Pasta Dishes benefit from roasted vegetables more than most people realize. Toss your vegetables with cooked pasta, olive oil, and a pinch of fresh basil for something rustic and comforting. Or turn them into a light pasta primavera by adding fresh pasta to warm olive oil with your roasted vegetables and a handful of fresh herbs.

Vegetable Sandwiches and Wraps become genuinely exciting when you add roasted vegetables. Spread some hummus or a creamy herb sauce on whole grain bread or in a wrap, add your roasted vegetables, maybe some crumbled feta cheese, and you have a lunch that’s actually satisfying.

Salads are transformed by adding warm (or cooled) roasted vegetables. Toss them with fresh greens, add a simple vinaigrette, maybe some nuts or seeds, and you’ve taken a basic salad from boring to interesting.

Pizza Topping — roasted vegetables on pizza are somehow better than fresh vegetables. Spread some sauce on your crust, add mozzarella and your roasted vegetables, and bake. The vegetables have already developed deep flavors, so they don’t get lost among the other toppings.

Frittatas and Omelets with roasted vegetables inside are restaurant-quality dinners that come together in minutes. The vegetables add flavor, texture, and nutrition without requiring any additional cooking.

Soups and Stews gain depth and character from roasted vegetables. You can add them to minestrone, vegetable barley soup, or even curry. The caramelized flavors they’ve already developed enhance the overall dish.

Final Thoughts

Mastering air fryer roasted vegetables is one of those kitchen skills that pays dividends every single week. You’ve got a technique that produces consistently delicious results, takes about 20 minutes from start to finish, uses minimal oil and cleanup, and adapts endlessly to whatever vegetables you have on hand.
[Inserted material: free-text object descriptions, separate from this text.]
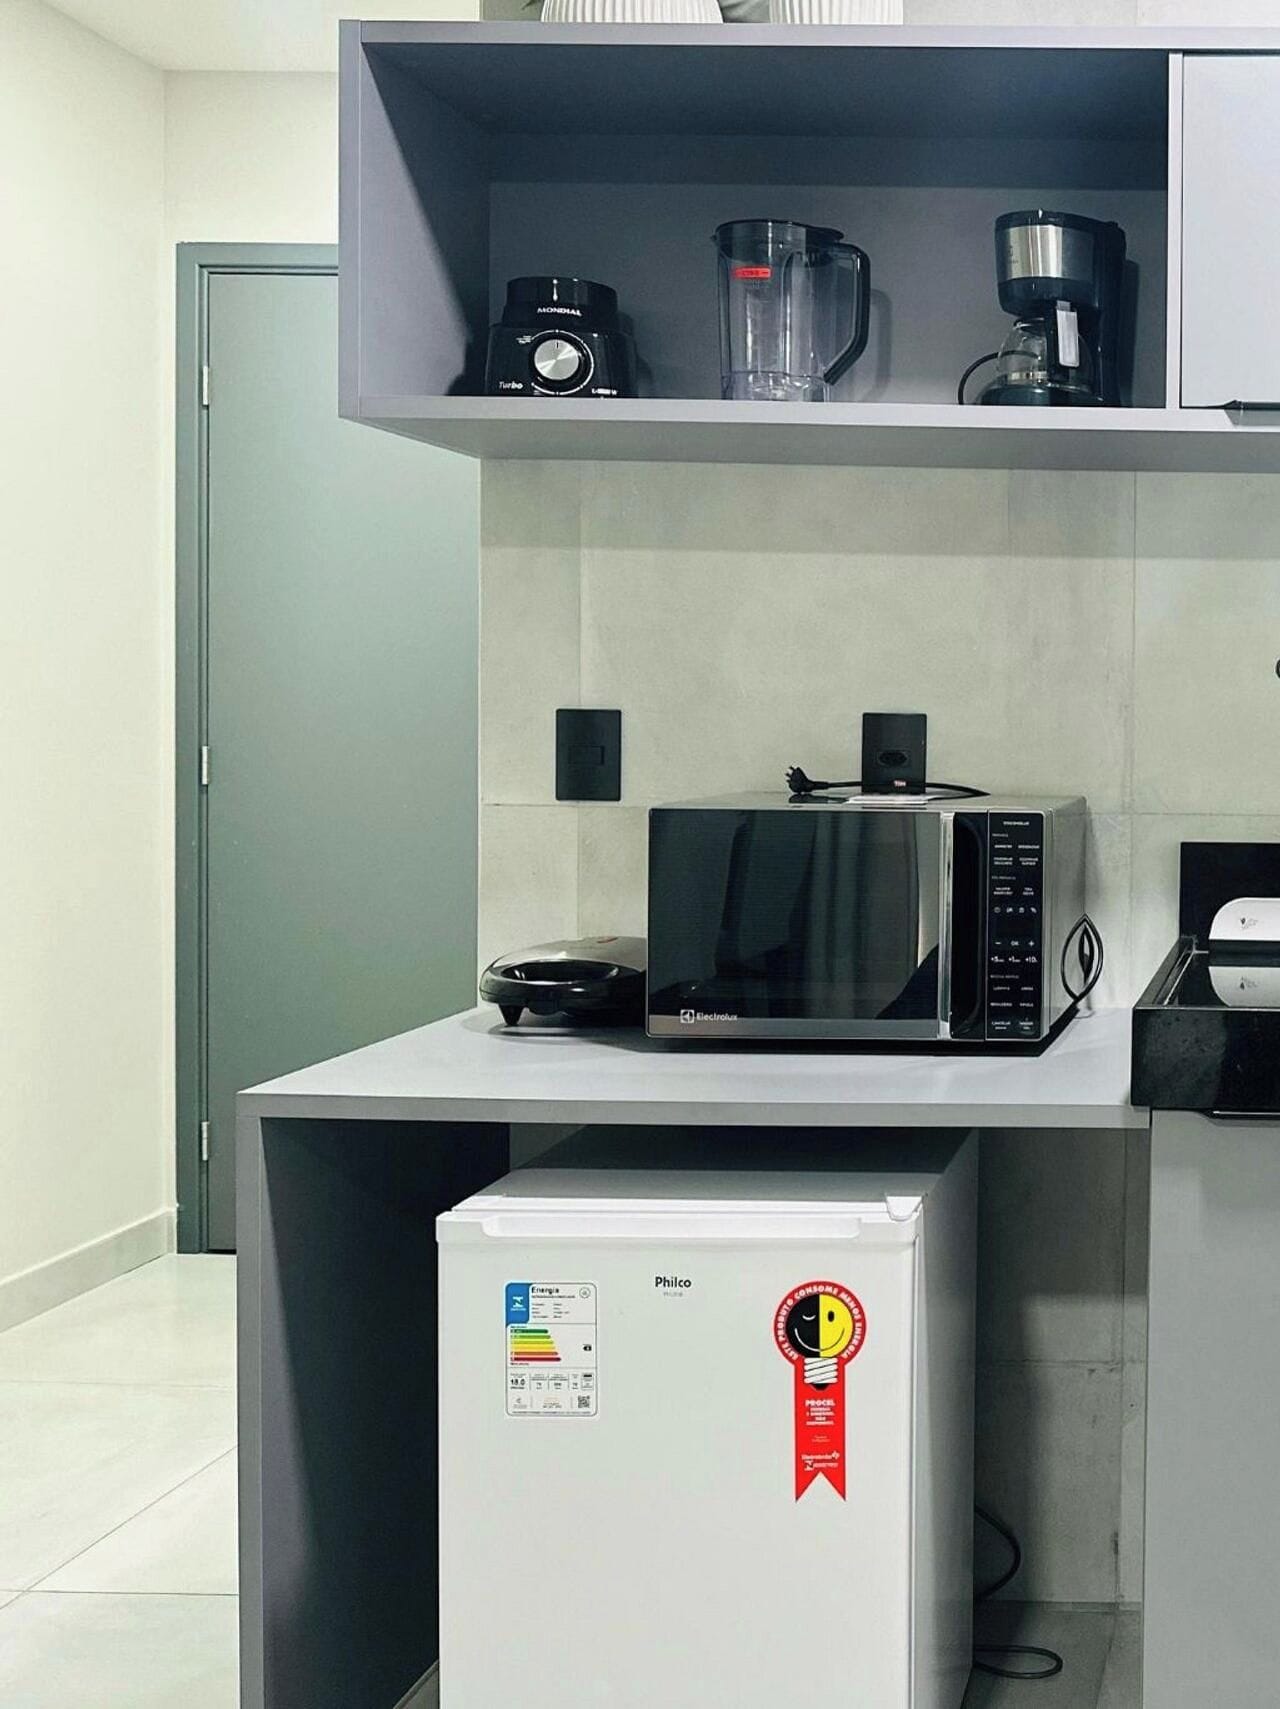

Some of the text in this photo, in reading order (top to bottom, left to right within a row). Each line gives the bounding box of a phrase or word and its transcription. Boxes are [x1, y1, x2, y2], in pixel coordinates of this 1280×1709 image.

[537, 307, 582, 317] MONDIAL
[499, 381, 523, 389] Turbo
[696, 1012, 738, 1021] Electrolux
[655, 1276, 692, 1288] Philco
[777, 1298, 794, 1341] PRODUTO
[794, 1285, 838, 1300] CONSOME
[839, 1291, 861, 1319] MENOS
You can make these twice a week for months and never get bored because the seasoning possibilities alone are essentially infinite.

The thing that separates good air fryer vegetables from truly crave-worthy ones isn’t complicated. It’s understanding why each step matters — why you don’t overcrowd the basket (hot air circulation), why you pat things dry (browning happens faster on dry surfaces), why you toss at the halfway point (even cooking), and why you use just a light coating of oil (less oil equals more crispy, less soggy).

Start with the base recipe and the Mediterranean seasoning combination if you’re new to this. Master that technique, nail those timings for your specific air fryer, and then start playing with different flavor combinations. Try the smoky and spicy version next, then explore the garlic herb blend. Before you know it, you’ll have a repertoire of air fryer vegetable recipes that feel as natural as boiling water.